> Exercise
In full and unaltered, output the records below.

> Exercise materials
*** Block opens ***

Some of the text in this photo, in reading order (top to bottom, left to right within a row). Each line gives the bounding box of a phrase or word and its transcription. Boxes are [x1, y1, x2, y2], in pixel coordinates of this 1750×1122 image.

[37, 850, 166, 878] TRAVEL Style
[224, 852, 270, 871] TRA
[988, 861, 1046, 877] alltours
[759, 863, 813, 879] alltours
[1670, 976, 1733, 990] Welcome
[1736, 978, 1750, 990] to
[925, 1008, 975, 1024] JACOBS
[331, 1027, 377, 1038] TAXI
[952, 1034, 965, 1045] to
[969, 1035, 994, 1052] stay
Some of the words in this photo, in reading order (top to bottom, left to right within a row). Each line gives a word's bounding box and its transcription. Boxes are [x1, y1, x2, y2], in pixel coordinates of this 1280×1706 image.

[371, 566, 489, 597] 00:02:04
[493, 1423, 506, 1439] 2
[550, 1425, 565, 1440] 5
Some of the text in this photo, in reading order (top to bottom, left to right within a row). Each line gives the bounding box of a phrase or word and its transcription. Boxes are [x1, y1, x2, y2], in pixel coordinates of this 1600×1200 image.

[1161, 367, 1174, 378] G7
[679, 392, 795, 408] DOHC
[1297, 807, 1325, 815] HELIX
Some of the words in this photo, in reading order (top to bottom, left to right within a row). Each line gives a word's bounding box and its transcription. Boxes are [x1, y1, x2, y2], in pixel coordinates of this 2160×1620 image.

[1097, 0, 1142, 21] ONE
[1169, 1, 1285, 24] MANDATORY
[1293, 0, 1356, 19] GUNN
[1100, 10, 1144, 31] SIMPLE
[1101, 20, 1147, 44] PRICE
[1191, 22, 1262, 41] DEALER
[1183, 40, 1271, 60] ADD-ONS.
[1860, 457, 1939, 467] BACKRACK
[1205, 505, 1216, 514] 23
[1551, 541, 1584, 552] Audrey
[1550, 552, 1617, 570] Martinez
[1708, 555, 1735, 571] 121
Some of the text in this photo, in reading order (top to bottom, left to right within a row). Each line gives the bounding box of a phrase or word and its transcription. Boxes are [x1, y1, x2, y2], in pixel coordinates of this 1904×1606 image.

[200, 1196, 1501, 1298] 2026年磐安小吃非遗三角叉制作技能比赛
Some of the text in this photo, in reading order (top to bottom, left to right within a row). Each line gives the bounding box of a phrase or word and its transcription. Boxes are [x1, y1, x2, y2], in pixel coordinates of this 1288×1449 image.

*** Block closes ***

> Exercise response
Some of the text in this photo, in reading order (top to bottom, left to right within a row). Each line gives the bounding box of a phrase or word and its transcription. Boxes are [x1, y1, x2, y2], in pixel coordinates of this 1750×1122 image.

[37, 850, 166, 878] TRAVEL Style
[224, 852, 270, 871] TRA
[988, 861, 1046, 877] alltours
[759, 863, 813, 879] alltours
[1670, 976, 1733, 990] Welcome
[1736, 978, 1750, 990] to
[925, 1008, 975, 1024] JACOBS
[331, 1027, 377, 1038] TAXI
[952, 1034, 965, 1045] to
[969, 1035, 994, 1052] stay
Some of the words in this photo, in reading order (top to bottom, left to right within a row). Each line gives a word's bounding box and its transcription. Boxes are [x1, y1, x2, y2], in pixel coordinates of this 1280×1706 image.

[371, 566, 489, 597] 00:02:04
[493, 1423, 506, 1439] 2
[550, 1425, 565, 1440] 5
Some of the text in this photo, in reading order (top to bottom, left to right within a row). Each line gives the bounding box of a phrase or word and its transcription. Boxes are [x1, y1, x2, y2], in pixel coordinates of this 1600×1200 image.

[1161, 367, 1174, 378] G7
[679, 392, 795, 408] DOHC
[1297, 807, 1325, 815] HELIX
Some of the words in this photo, in reading order (top to bottom, left to right within a row). Each line gives a word's bounding box and its transcription. Boxes are [x1, y1, x2, y2], in pixel coordinates of this 2160×1620 image.

[1097, 0, 1142, 21] ONE
[1169, 1, 1285, 24] MANDATORY
[1293, 0, 1356, 19] GUNN
[1100, 10, 1144, 31] SIMPLE
[1101, 20, 1147, 44] PRICE
[1191, 22, 1262, 41] DEALER
[1183, 40, 1271, 60] ADD-ONS.
[1860, 457, 1939, 467] BACKRACK
[1205, 505, 1216, 514] 23
[1551, 541, 1584, 552] Audrey
[1550, 552, 1617, 570] Martinez
[1708, 555, 1735, 571] 121
Some of the text in this photo, in reading order (top to bottom, left to right within a row). Each line gives the bounding box of a phrase or word and its transcription. Boxes are [x1, y1, x2, y2], in pixel coordinates of this 1904×1606 image.

[200, 1196, 1501, 1298] 2026年磐安小吃非遗三角叉制作技能比赛
Some of the text in this photo, in reading order (top to bottom, left to right within a row). Each line gives the bounding box of a phrase or word and its transcription. Boxes are [x1, y1, x2, y2], in pixel coordinates of this 1288×1449 image.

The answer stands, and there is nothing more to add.